Your instructions.
Below is a block of records; reproduce all of them exactly and leave out any pictures.

Images for object localization
▬▬▬
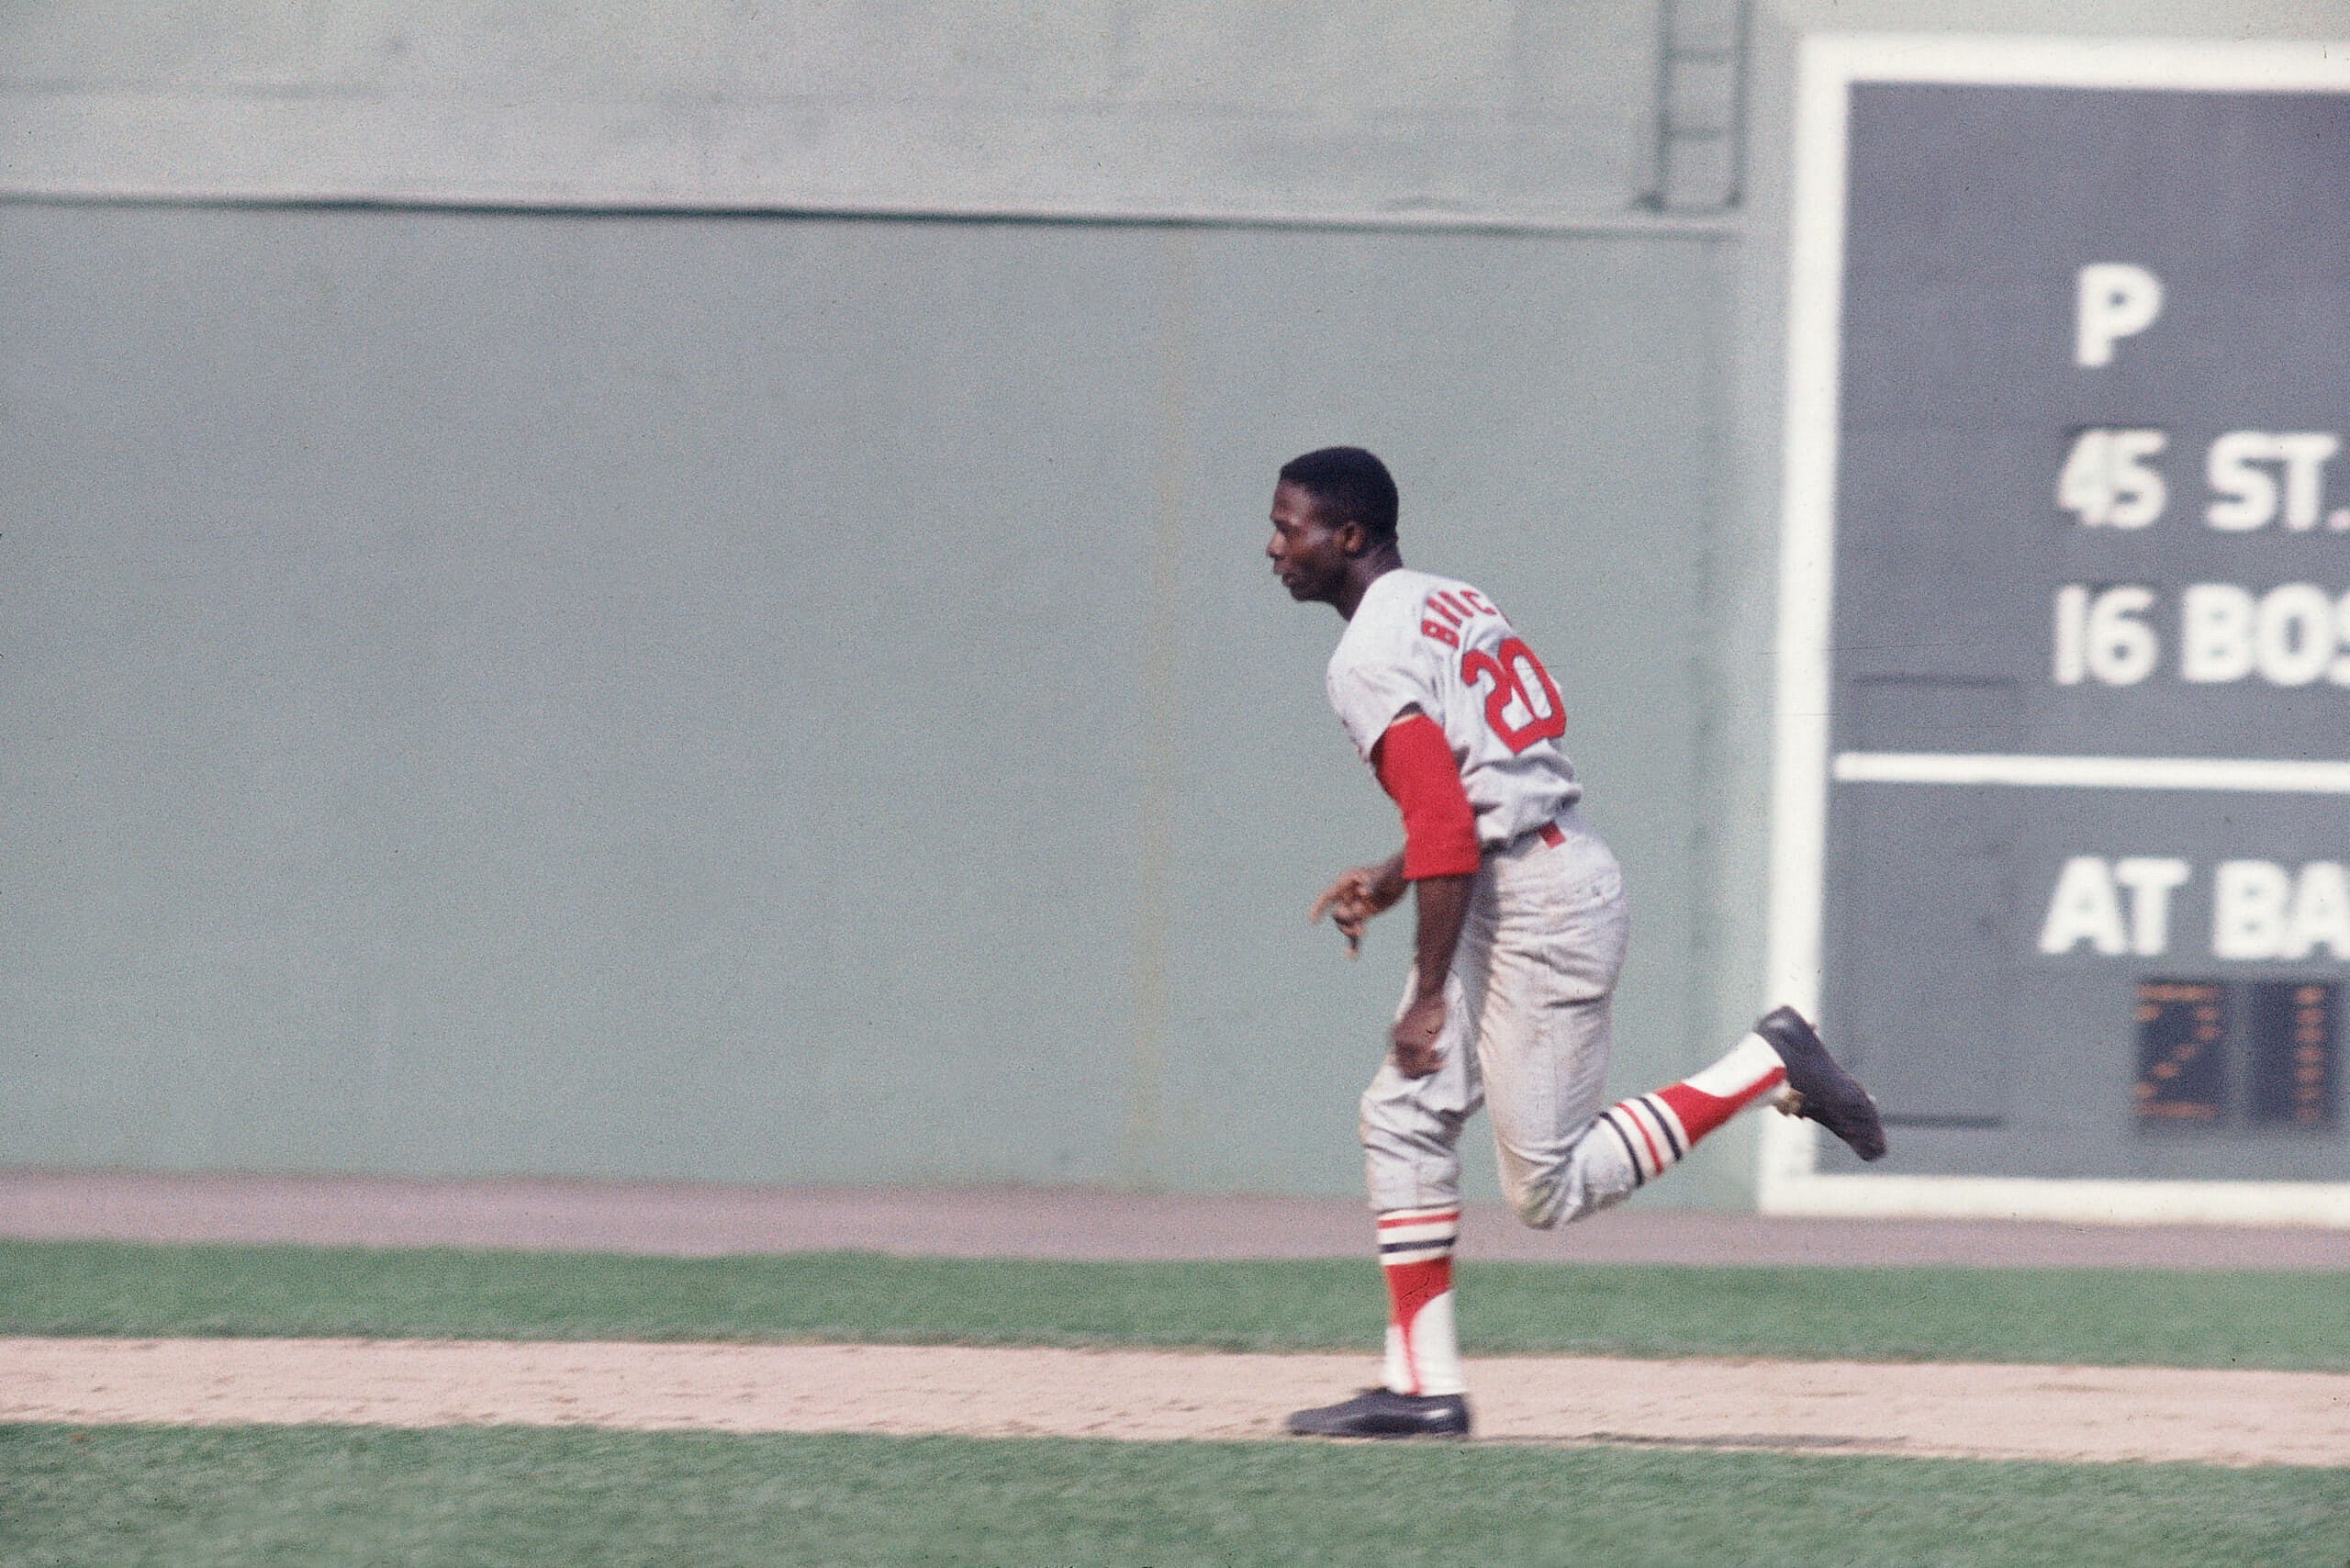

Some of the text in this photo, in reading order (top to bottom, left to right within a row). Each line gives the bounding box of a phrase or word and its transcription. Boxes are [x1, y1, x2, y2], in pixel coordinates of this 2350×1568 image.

[2076, 262, 2163, 367] P
[2057, 429, 2167, 530] 45
[2054, 584, 2158, 687] 16
[1460, 637, 1567, 754] 20
[2038, 856, 2191, 956] AT
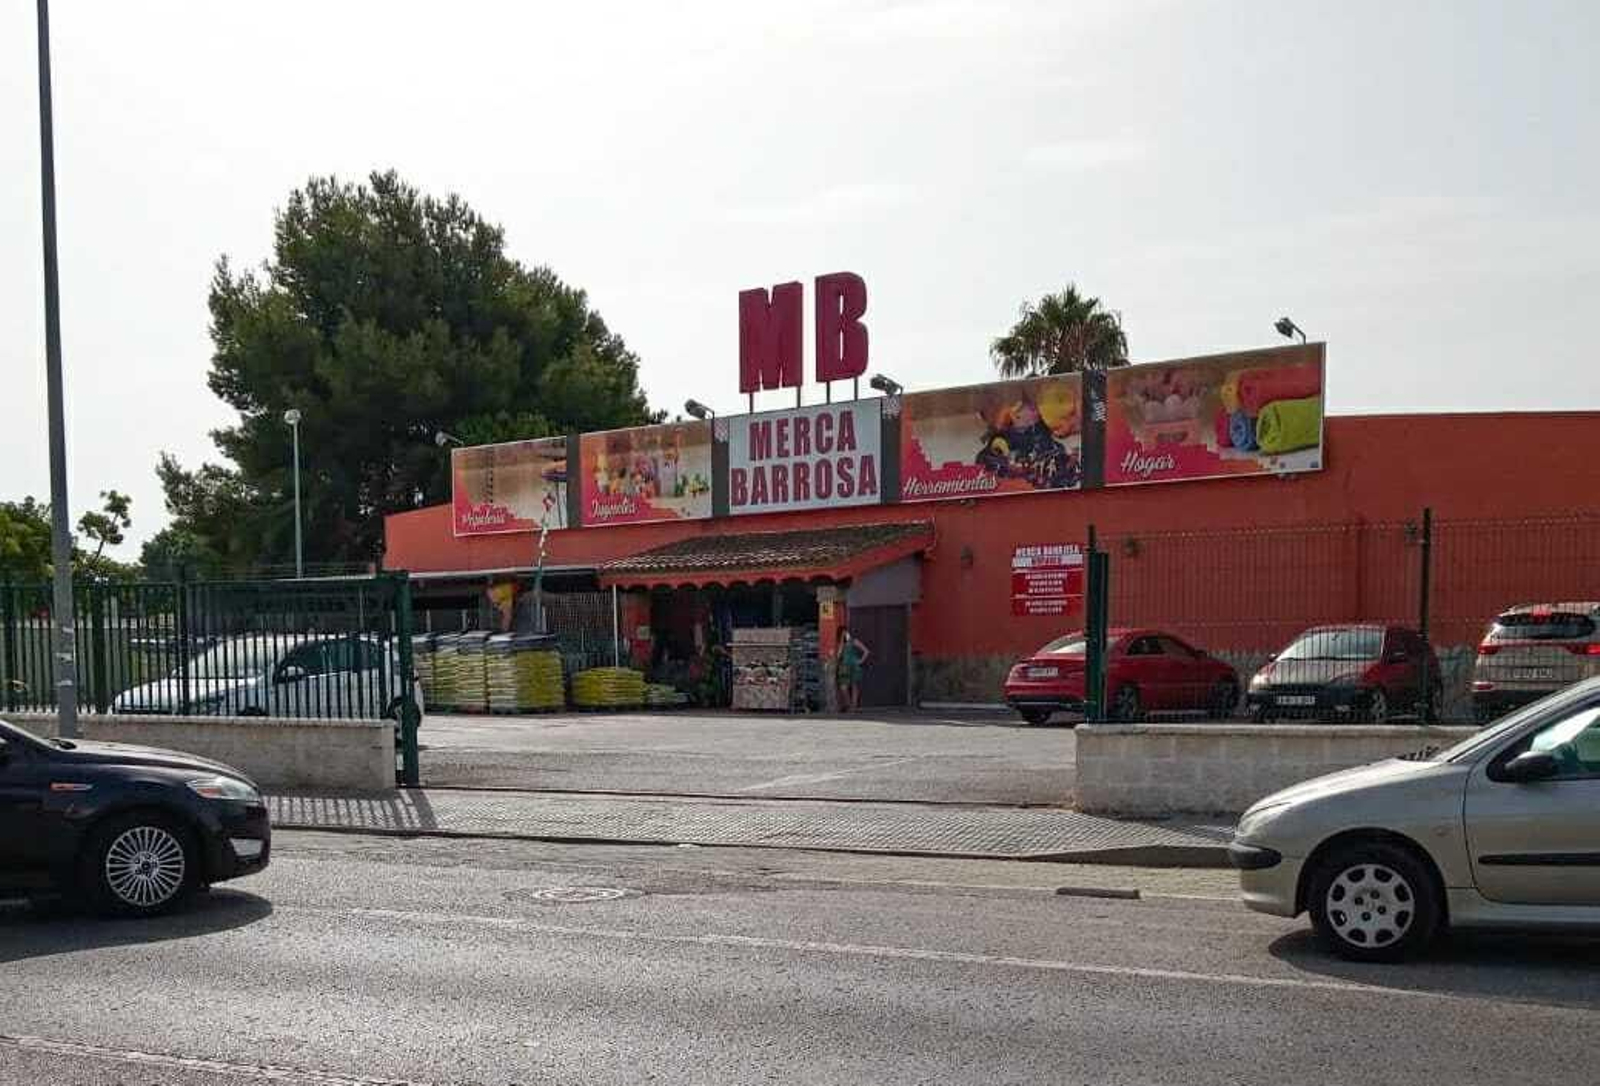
▬▬▬
Exercise answer.
Some of the text in this photo, in reading order (top to bottom, left to right within a row). Each line gives the bounding box of a phrase or word and its transcription. Boxes are [x1, y1, x2, y2], in pixel coordinates of this 2350×1568 image.

[2076, 262, 2163, 367] P
[2057, 429, 2167, 530] 45
[2054, 584, 2158, 687] 16
[1460, 637, 1567, 754] 20
[2038, 856, 2191, 956] AT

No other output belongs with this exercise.